Alois Lang (1872–1954) was a Master Woodcarver at the American Seating Company, and one of the artists responsible for bringing the medieval art of ecclesiastical carving to life in the United States.

Lang was born in Oberammergau in Bavaria, a town long known for its excellence in wood carving. He was apprenticed to his cousin Andreas Lang around the age of 14, spent one year's study with the great wood sculptor Fortunato Galli in Florence, Italy, and moved to the United States in 1890 at the age of 19. Lang first found work in Boston carving elaborate mantelpieces for Back Bay families.

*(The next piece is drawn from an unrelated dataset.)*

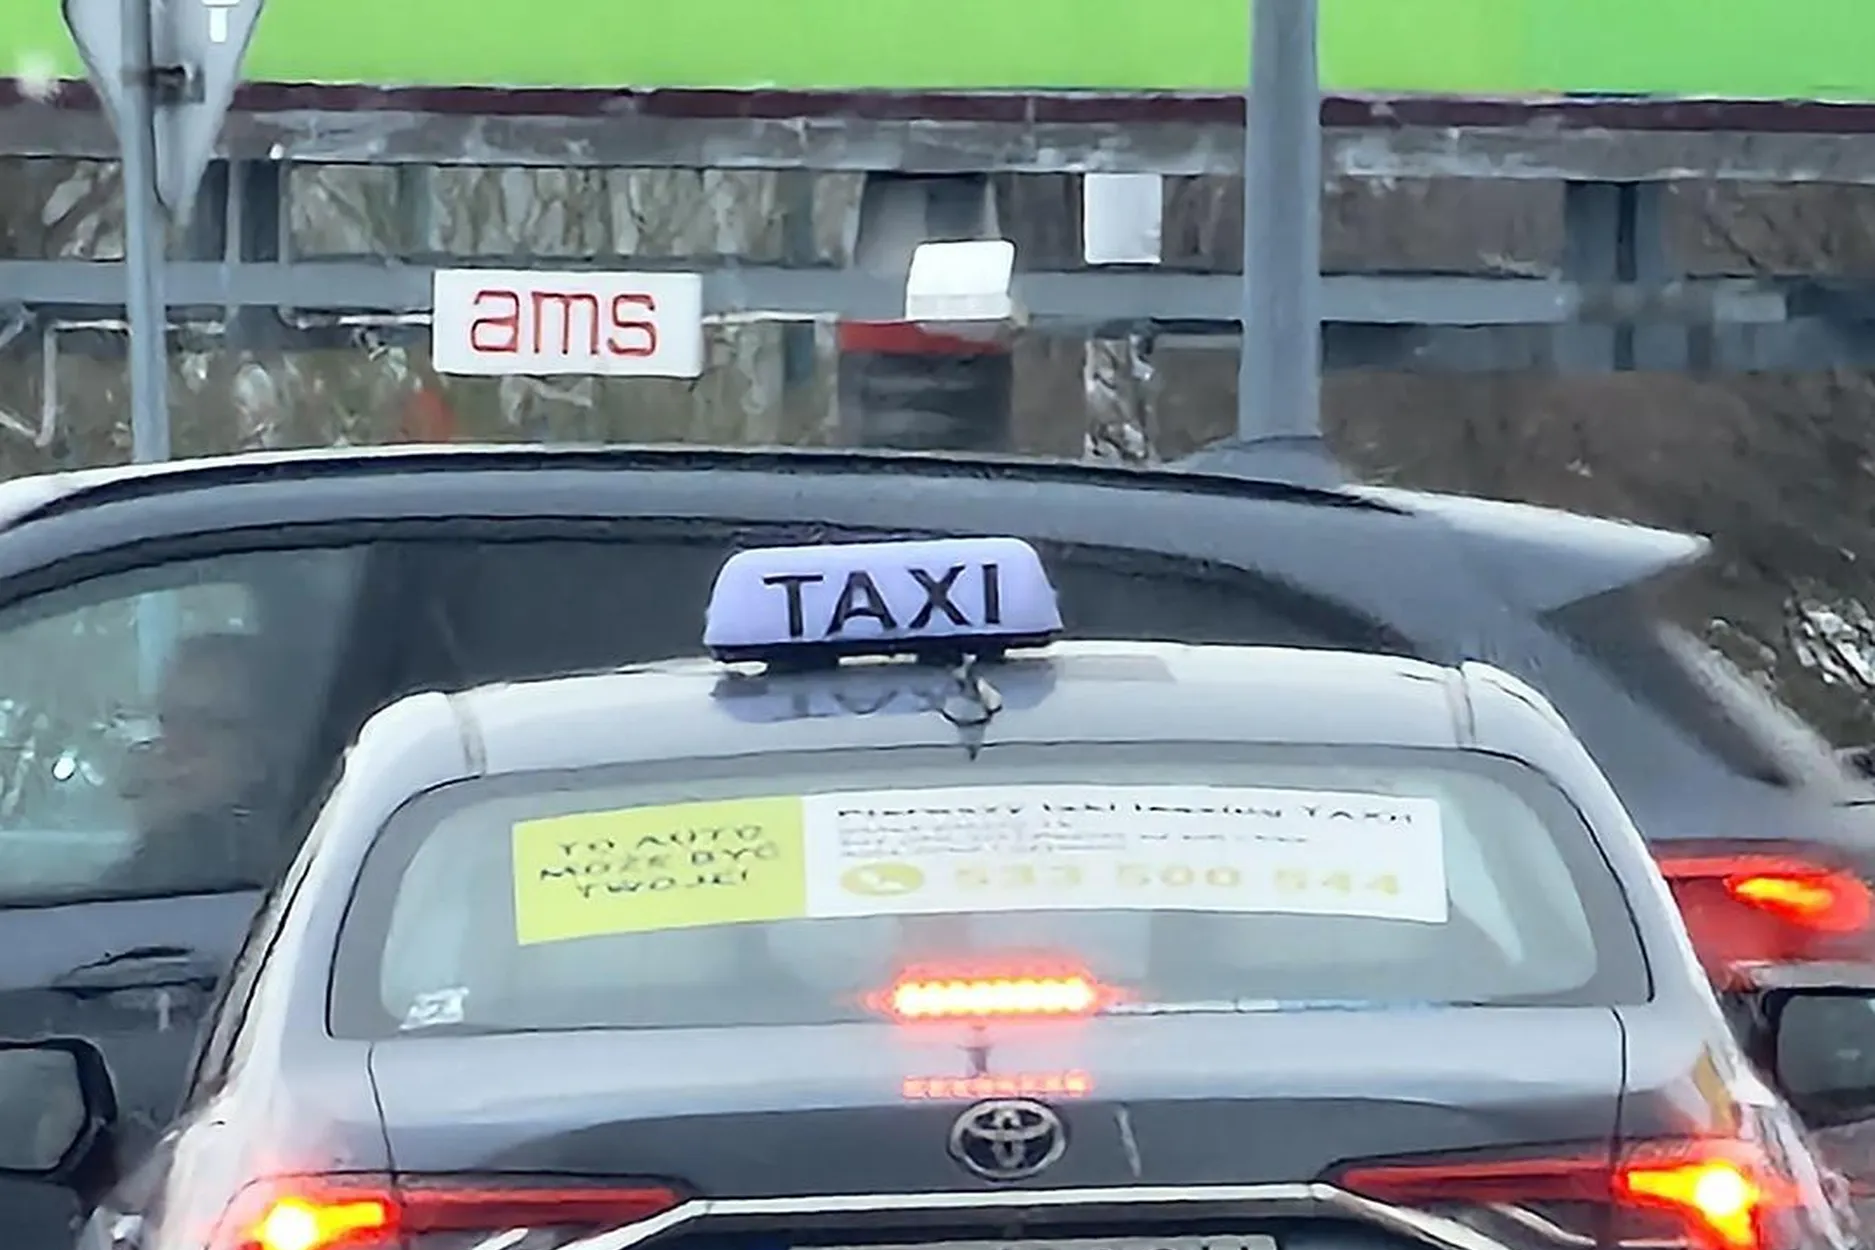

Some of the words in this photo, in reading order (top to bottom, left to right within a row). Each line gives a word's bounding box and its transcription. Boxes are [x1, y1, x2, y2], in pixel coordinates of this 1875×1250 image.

[470, 289, 658, 357] ams
[763, 563, 1001, 638] TAXI
[636, 825, 763, 849] AUTO
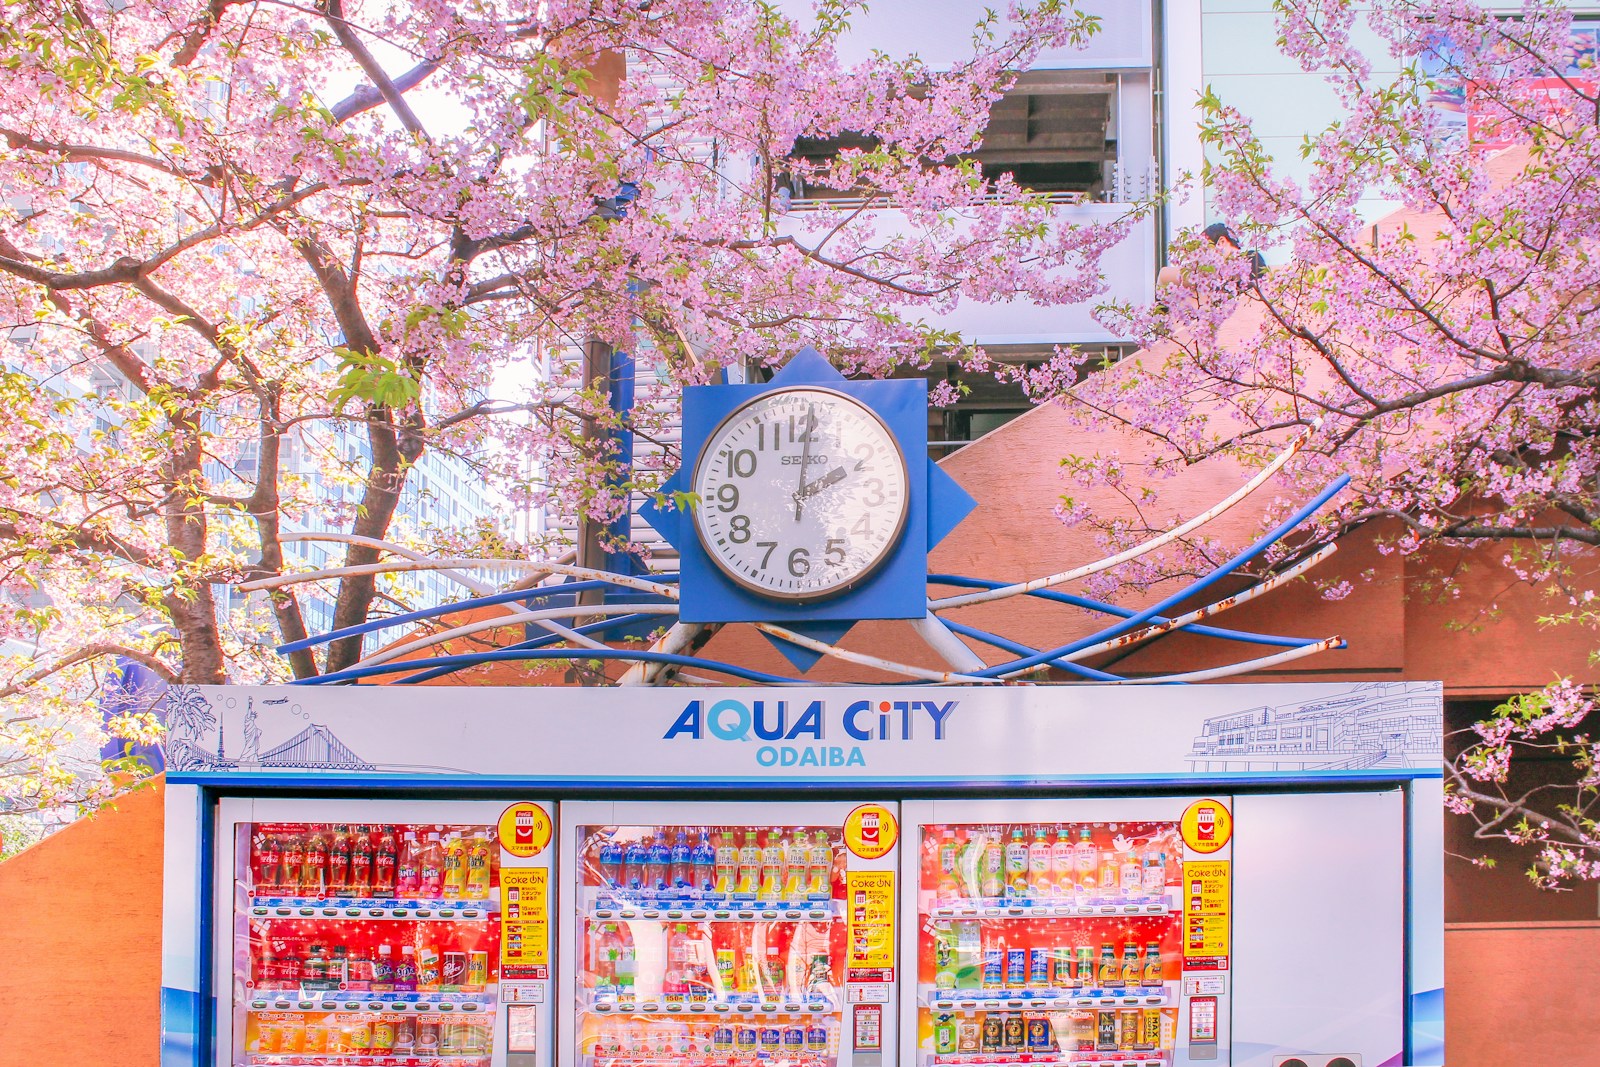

In 1903, he moved westward and joined the American Seating Company of Manitowoc, Wisconsin, moving with the firm to Grand Rapids, Michigan in 1927.  Lang became well known as a prominent ecclesiastical wood-carver. An article in a 1946 newsletter states that “recently the Michigan Academy of Science, Arts and Letters presented him with a special award for his contribution to art in Michigan.”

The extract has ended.